Much confusion appears to have resulted from both parties' unstated assumption that only one use may be located on the lot in question. However, unlike many towns' zoning regulations, nothing in the Barre City zoning regulations limits the use of a lot to a single use category. . . .

. . . .

The parties did not have the occasion to discuss or point out this unusual feature of the Barre City zoning regulations in their presentations to the Vermont Supreme Court that resulted in the Supreme Court's memorandum decision in Simendinger v. City of Barre, 171 Vt. 648, 770 A.2d 888 (2001), in which the Court stated that the Environmental Court "erred in evaluating the proposal as a conditional use neighborhood grocery store, rather than as a proposal to alter a preexisting nonconforming service and gasoline station to another nonconforming use within a planned residential district." (Emphasis added.) In fact, the proposal must be evaluated both as a conditional use neighborhood grocery store (in an existing nonconforming building) and as a proposal to alter a preexisting nonconforming service and gasoline station to another nonconforming use.

We defer to the Environmental Court's interpretation of a zoning ordinance "unless it is clearly erroneous, arbitrary, or capricious." In re Cowan, 2005 VT 126, ¶ 7, 179 Vt. ___, 892 A.2d 207 (mem.).

¶ 8. Although the City debates the application of the court's analysis to this case, it does not debate the general proposition that the Barre ordinance generally allows multiple uses on a single lot as long as each of the uses complies with the ordinance.
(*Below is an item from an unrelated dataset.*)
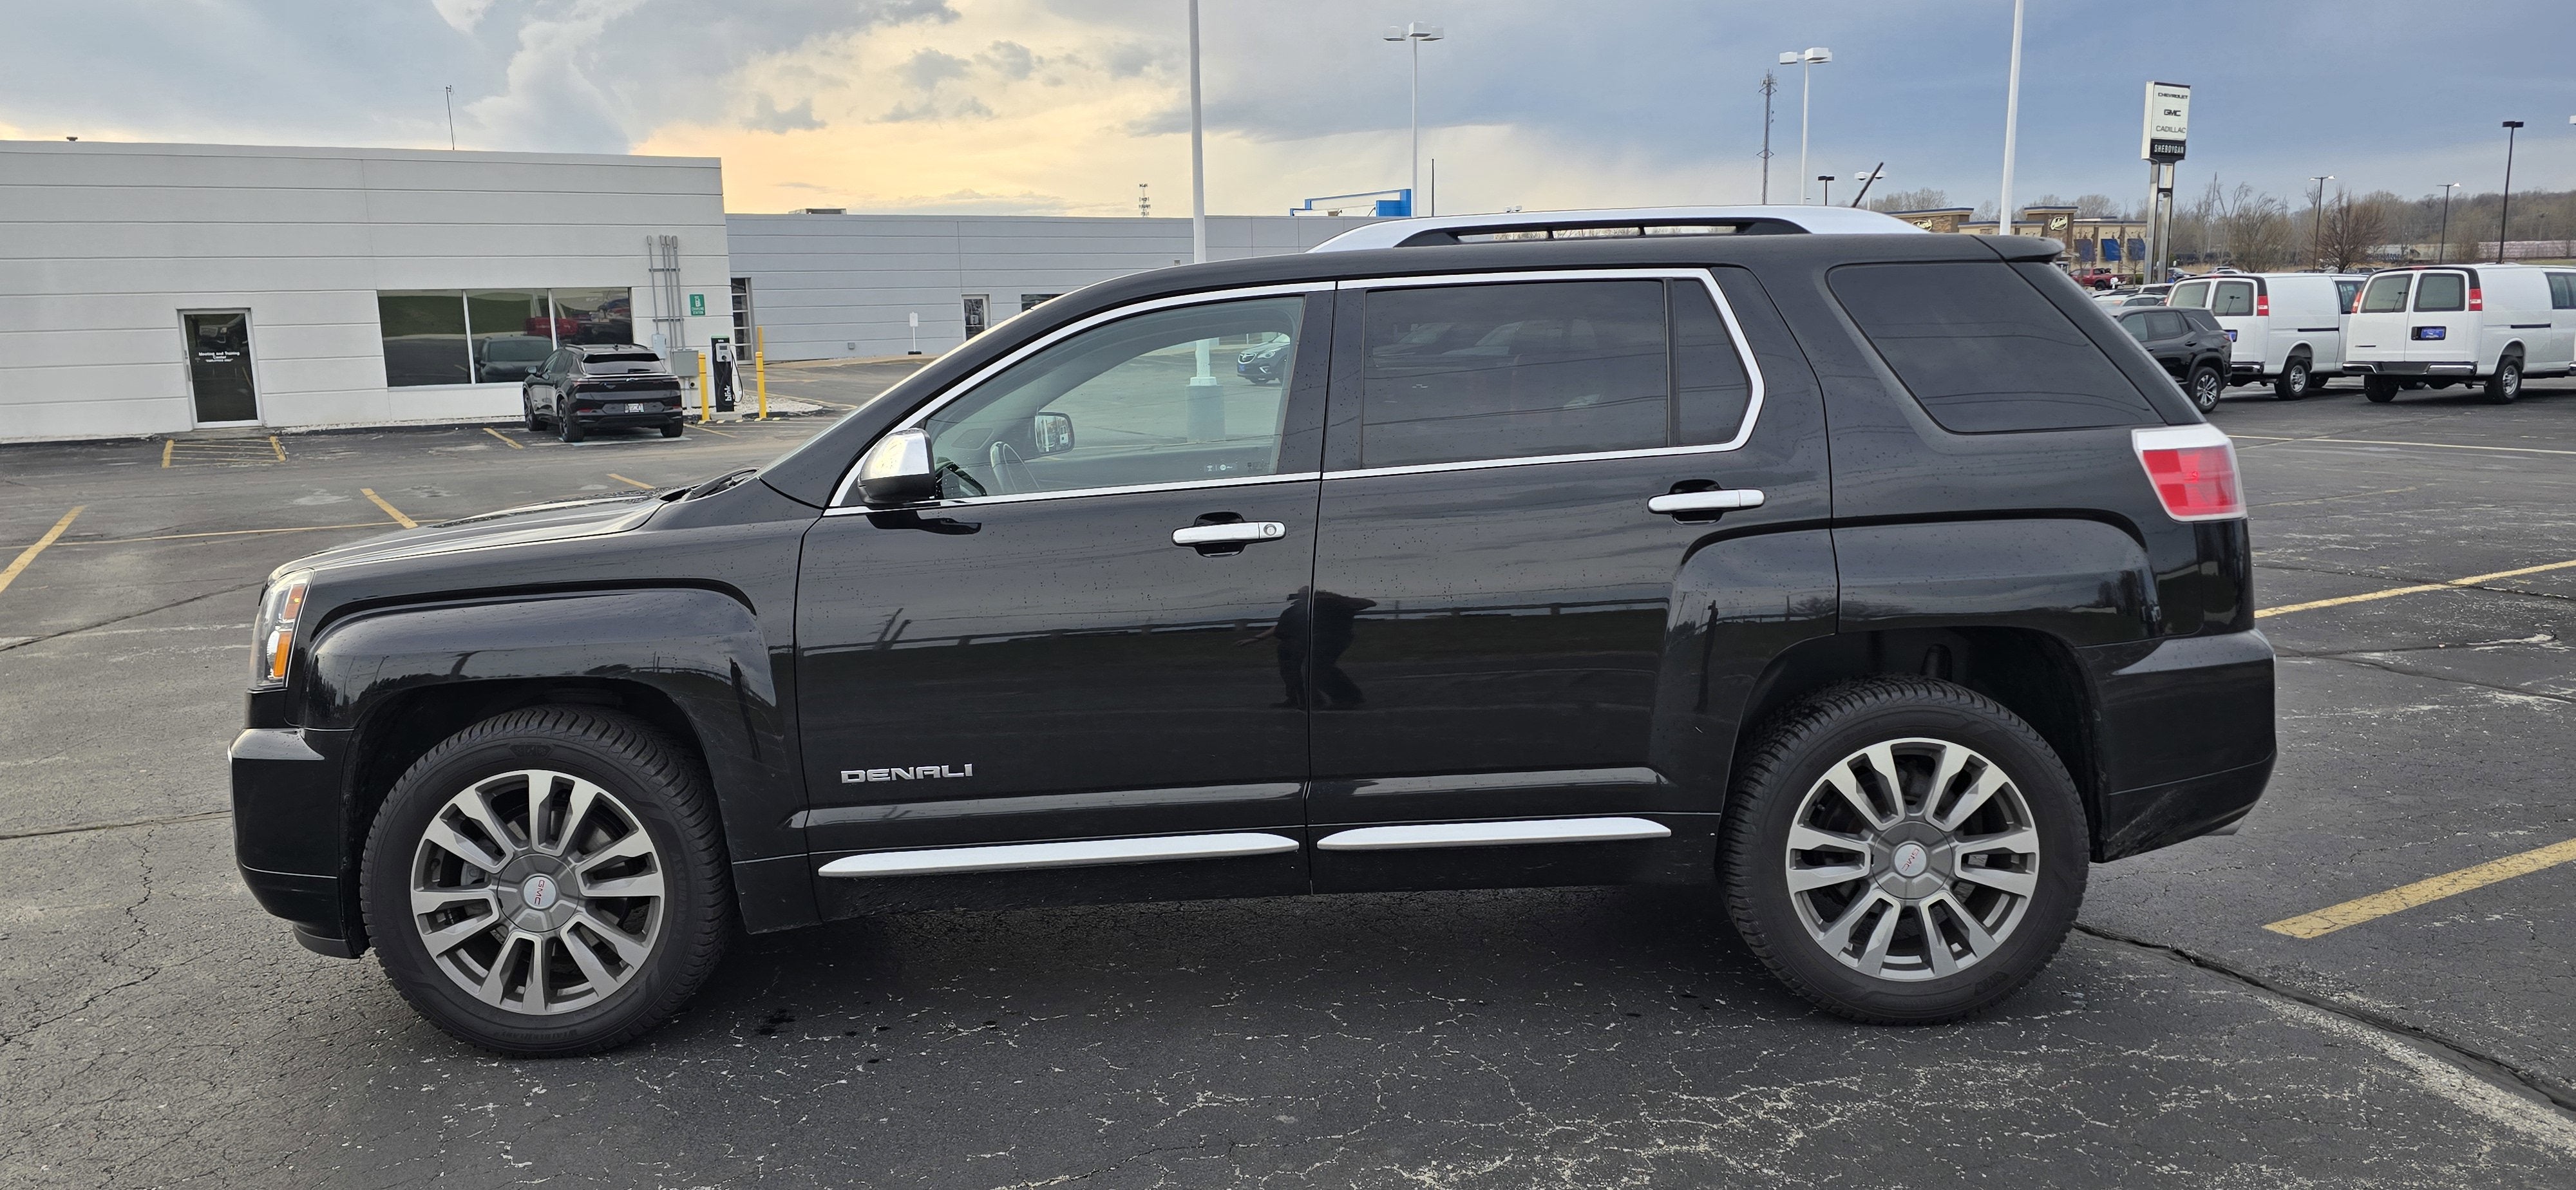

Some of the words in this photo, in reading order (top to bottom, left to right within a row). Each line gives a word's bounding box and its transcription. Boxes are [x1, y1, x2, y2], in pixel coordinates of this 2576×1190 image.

Thus, we are pointed to no part of the ordinance that is inconsistent with the court's generalization, and we have found none. We do not find the court's construction inconsistent with our holding in Simendinger, which rejected the court's earlier holding that the Wesco proposal could be evaluated solely as a neighborhood grocery store use under the applicable conditional use standards. We cannot find the court's construction "clearly erroneous, arbitrary, or capricious." In re Cowan, 2005 VT 126, ¶ 7, 892 A.2d 207.

¶ 9. The City argues, however, that the court's generalization that multiple uses can be allowed does not apply here because the ordinance prohibits adding gasoline sales to other retail uses. This argument is based on the ordinance's definition of retail store:

RETAIL STORE: Customary use of enclosed restaurant, cafe, shop and store for the sale of goods at retail, personal service shop and department store, excluding any drive-up service, freestanding retail stand, gasoline service and motor vehicle repair service, new and used car sales and service, trailer and mobile home sales and service.

Barre Zoning Ordinance § 5.2.04(a). The City argues that this definition means that the ordinance "prohibits the sale of gasoline at retail establishments." The City reaches that conclusion based on the following logic: (1) under the ordinance, the only use the convenience store can fit within is as a neighborhood grocery store; (2) a neighborhood grocery store is a retail store as defined above; (3) under the definition, a retail store cannot sell gasoline.

¶ 10. We note that the City is relying only on a definition of a retail store that nowhere precludes the uses excluded from the retail store definition. Although we agree with steps (1) and (2) of the logic of the City's argument, step (3) is debatable. On this third step, the Environmental Court reached an alternative construction of the effect of the definition of a retail store. The court held that the exclusions from the definition are present because external components — sale of gasoline, drive-up service, etc. — are outside the "enclosed" store and require separate approval. Under this construction, a retail store can sell...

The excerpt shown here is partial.